- _RECORDED DATA_:
....................
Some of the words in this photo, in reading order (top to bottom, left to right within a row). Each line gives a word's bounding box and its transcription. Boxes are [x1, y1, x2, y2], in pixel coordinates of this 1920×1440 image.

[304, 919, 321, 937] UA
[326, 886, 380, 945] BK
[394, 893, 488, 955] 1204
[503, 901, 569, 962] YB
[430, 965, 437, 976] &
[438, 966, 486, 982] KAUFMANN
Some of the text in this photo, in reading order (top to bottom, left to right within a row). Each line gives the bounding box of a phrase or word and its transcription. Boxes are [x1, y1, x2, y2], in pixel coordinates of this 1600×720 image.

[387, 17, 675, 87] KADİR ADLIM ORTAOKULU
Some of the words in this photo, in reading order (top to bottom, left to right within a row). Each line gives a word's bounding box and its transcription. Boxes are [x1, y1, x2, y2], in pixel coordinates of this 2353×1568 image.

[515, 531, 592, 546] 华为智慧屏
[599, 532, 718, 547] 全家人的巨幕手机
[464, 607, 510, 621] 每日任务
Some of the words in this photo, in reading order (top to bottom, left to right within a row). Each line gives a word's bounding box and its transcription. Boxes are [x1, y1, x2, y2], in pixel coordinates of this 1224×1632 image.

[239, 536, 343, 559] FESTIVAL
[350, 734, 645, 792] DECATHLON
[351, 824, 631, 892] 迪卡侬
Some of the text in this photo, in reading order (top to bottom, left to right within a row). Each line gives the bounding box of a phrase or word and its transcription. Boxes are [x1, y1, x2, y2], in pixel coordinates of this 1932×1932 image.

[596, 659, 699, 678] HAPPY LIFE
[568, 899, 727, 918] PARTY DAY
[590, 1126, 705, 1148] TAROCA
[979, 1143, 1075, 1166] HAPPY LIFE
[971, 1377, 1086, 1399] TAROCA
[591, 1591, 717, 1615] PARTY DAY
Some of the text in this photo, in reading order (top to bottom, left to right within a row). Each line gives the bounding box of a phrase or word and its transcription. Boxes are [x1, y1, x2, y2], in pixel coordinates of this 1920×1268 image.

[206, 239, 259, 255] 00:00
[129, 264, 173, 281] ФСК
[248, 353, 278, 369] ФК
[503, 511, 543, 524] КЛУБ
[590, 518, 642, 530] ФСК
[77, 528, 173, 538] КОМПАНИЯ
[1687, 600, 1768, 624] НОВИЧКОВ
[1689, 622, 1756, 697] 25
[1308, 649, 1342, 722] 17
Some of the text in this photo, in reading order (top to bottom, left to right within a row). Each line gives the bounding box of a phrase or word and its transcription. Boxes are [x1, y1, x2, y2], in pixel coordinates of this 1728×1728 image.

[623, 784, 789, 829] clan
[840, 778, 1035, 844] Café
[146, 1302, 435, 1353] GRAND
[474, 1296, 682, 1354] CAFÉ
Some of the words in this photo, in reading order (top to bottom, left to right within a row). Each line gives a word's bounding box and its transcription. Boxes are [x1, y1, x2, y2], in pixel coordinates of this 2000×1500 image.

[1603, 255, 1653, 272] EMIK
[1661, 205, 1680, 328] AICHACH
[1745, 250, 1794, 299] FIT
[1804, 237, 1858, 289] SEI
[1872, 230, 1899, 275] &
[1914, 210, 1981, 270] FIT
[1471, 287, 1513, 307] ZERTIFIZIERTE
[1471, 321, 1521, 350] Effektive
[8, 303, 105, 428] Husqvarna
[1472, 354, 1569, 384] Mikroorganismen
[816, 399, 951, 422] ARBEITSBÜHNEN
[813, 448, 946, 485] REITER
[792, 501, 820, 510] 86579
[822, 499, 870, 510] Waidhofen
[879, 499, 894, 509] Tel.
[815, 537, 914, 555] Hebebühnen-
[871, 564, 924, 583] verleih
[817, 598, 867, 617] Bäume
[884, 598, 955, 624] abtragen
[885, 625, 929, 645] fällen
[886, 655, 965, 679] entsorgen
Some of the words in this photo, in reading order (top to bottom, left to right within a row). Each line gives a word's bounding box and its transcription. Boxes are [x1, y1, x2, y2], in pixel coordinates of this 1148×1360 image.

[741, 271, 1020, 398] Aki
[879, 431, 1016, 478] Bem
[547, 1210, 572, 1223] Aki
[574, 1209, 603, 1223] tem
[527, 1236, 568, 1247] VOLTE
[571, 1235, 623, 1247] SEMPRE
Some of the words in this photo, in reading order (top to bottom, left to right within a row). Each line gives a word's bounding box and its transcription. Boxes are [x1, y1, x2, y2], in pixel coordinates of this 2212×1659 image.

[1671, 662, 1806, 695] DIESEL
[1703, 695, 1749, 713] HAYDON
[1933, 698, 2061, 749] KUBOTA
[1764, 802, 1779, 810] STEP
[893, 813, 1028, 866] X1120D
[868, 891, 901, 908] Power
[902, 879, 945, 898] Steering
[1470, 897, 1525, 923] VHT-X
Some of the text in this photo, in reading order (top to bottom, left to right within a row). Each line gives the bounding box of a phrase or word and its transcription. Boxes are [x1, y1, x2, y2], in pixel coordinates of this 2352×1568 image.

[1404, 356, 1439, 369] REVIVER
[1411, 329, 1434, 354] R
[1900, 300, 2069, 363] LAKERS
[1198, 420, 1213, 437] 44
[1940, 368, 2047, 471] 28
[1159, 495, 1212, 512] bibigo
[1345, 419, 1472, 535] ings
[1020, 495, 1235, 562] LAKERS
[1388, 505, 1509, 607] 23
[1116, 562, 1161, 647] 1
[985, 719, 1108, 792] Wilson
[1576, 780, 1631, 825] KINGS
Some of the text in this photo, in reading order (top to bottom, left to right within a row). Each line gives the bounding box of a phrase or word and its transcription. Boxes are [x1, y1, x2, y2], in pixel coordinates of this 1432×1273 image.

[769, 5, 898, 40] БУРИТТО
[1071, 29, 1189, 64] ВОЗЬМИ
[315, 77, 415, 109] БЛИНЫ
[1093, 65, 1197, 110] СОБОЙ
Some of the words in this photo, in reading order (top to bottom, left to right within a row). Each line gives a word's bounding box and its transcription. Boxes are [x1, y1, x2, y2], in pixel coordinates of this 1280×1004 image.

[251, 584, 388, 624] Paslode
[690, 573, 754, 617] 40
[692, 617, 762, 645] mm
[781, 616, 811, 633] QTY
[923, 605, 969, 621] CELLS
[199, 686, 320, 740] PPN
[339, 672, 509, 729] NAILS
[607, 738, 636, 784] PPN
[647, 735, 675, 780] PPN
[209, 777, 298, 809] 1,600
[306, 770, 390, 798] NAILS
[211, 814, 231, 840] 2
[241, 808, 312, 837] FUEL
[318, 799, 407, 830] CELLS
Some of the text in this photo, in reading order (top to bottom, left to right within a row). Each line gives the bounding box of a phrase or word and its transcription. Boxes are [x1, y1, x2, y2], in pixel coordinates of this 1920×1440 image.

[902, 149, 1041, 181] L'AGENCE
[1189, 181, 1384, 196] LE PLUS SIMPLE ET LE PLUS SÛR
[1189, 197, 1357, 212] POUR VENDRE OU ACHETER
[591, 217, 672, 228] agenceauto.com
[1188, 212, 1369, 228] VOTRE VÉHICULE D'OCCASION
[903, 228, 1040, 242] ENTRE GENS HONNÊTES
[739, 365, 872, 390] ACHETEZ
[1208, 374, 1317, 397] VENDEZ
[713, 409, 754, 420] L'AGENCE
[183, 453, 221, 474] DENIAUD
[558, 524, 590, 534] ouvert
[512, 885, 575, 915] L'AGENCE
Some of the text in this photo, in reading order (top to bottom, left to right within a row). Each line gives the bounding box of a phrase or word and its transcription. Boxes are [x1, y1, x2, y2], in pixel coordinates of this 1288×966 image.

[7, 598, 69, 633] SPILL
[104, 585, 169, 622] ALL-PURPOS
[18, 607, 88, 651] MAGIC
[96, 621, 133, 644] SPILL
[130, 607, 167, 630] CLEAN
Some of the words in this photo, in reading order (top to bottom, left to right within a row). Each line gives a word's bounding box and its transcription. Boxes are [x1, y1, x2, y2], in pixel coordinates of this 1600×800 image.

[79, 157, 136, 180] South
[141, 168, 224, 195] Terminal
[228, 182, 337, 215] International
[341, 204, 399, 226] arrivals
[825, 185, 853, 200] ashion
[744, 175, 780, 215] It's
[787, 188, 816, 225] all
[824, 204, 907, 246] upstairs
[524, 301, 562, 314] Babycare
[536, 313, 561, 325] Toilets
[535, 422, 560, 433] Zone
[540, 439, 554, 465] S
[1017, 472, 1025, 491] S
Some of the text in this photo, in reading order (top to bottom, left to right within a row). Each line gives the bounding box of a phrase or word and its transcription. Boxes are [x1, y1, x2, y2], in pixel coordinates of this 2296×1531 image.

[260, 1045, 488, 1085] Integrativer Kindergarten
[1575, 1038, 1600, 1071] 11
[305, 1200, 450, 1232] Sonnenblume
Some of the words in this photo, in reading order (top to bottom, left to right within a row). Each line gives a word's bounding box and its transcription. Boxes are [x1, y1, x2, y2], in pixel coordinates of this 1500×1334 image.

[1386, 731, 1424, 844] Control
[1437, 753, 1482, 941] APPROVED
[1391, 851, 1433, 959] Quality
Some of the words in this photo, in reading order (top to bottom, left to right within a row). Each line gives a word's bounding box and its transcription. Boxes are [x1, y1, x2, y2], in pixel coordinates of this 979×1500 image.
....................
- _TASK REQUIREMENTS_:
What is wanted is the line containing "this 2296×1531 image." and every line after it through the last line of the entries, printed exactly.

- _ANSWER BELOW_:
Some of the text in this photo, in reading order (top to bottom, left to right within a row). Each line gives the bounding box of a phrase or word and its transcription. Boxes are [x1, y1, x2, y2], in pixel coordinates of this 2296×1531 image.

[260, 1045, 488, 1085] Integrativer Kindergarten
[1575, 1038, 1600, 1071] 11
[305, 1200, 450, 1232] Sonnenblume
Some of the words in this photo, in reading order (top to bottom, left to right within a row). Each line gives a word's bounding box and its transcription. Boxes are [x1, y1, x2, y2], in pixel coordinates of this 1500×1334 image.

[1386, 731, 1424, 844] Control
[1437, 753, 1482, 941] APPROVED
[1391, 851, 1433, 959] Quality
Some of the words in this photo, in reading order (top to bottom, left to right within a row). Each line gives a word's bounding box and its transcription. Boxes are [x1, y1, x2, y2], in pixel coordinates of this 979×1500 image.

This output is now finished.